**AIM OF THE TASK:**
An exact copy of the data is required, with no pictures in it.

**ENTRIES SUPPLIED:**
○ ○ ○ ○ ○ ○ ○

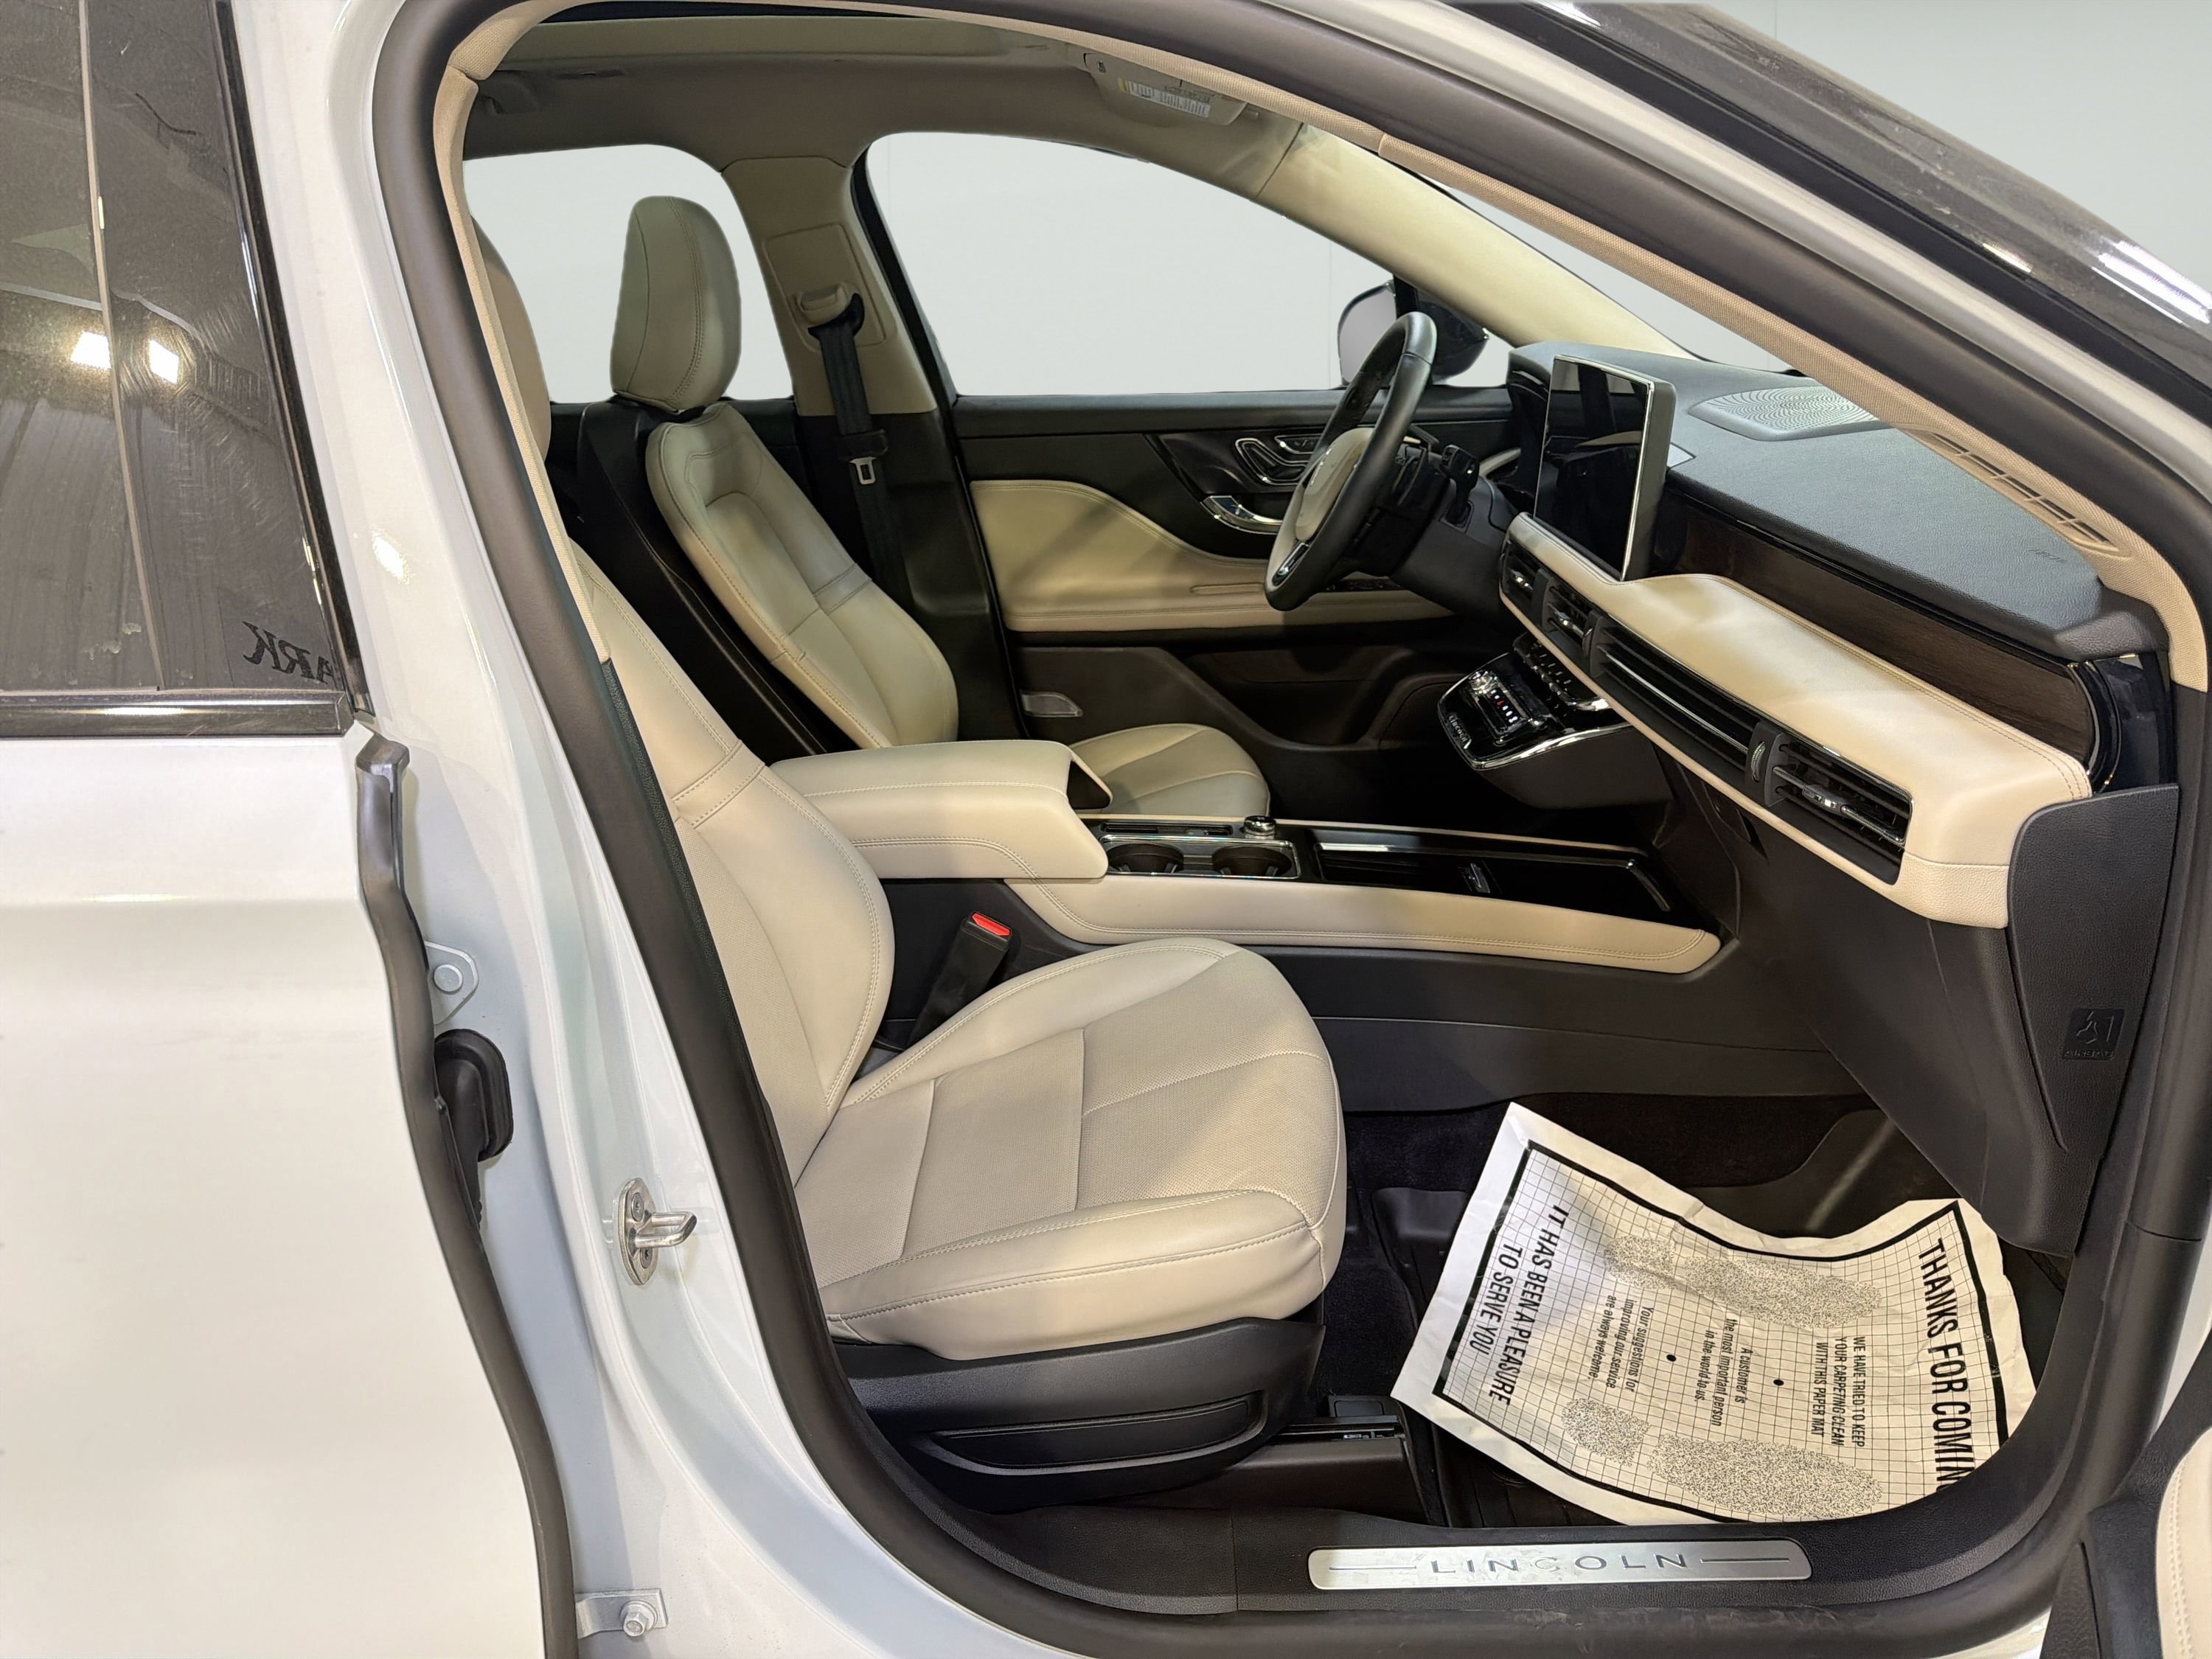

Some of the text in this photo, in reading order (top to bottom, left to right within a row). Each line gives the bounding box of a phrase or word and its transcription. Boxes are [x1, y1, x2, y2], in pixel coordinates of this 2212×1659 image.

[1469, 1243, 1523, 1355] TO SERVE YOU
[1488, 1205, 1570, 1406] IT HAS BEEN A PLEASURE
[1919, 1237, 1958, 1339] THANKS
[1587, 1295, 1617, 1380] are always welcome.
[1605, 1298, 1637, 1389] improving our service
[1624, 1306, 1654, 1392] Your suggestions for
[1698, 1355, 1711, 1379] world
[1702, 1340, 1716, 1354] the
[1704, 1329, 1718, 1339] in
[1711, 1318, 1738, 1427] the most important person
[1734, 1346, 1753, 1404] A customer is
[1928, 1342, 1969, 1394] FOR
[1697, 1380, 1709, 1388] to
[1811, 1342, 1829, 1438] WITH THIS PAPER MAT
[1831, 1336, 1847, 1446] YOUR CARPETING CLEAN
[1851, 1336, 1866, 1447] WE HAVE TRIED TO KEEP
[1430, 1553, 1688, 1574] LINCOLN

○ ○ ○ ○ ○ ○ ○

**RESPONSE TO THIS EXERCISE:**
Some of the text in this photo, in reading order (top to bottom, left to right within a row). Each line gives the bounding box of a phrase or word and its transcription. Boxes are [x1, y1, x2, y2], in pixel coordinates of this 2212×1659 image.

[1469, 1243, 1523, 1355] TO SERVE YOU
[1488, 1205, 1570, 1406] IT HAS BEEN A PLEASURE
[1919, 1237, 1958, 1339] THANKS
[1587, 1295, 1617, 1380] are always welcome.
[1605, 1298, 1637, 1389] improving our service
[1624, 1306, 1654, 1392] Your suggestions for
[1698, 1355, 1711, 1379] world
[1702, 1340, 1716, 1354] the
[1704, 1329, 1718, 1339] in
[1711, 1318, 1738, 1427] the most important person
[1734, 1346, 1753, 1404] A customer is
[1928, 1342, 1969, 1394] FOR
[1697, 1380, 1709, 1388] to
[1811, 1342, 1829, 1438] WITH THIS PAPER MAT
[1831, 1336, 1847, 1446] YOUR CARPETING CLEAN
[1851, 1336, 1866, 1447] WE HAVE TRIED TO KEEP
[1430, 1553, 1688, 1574] LINCOLN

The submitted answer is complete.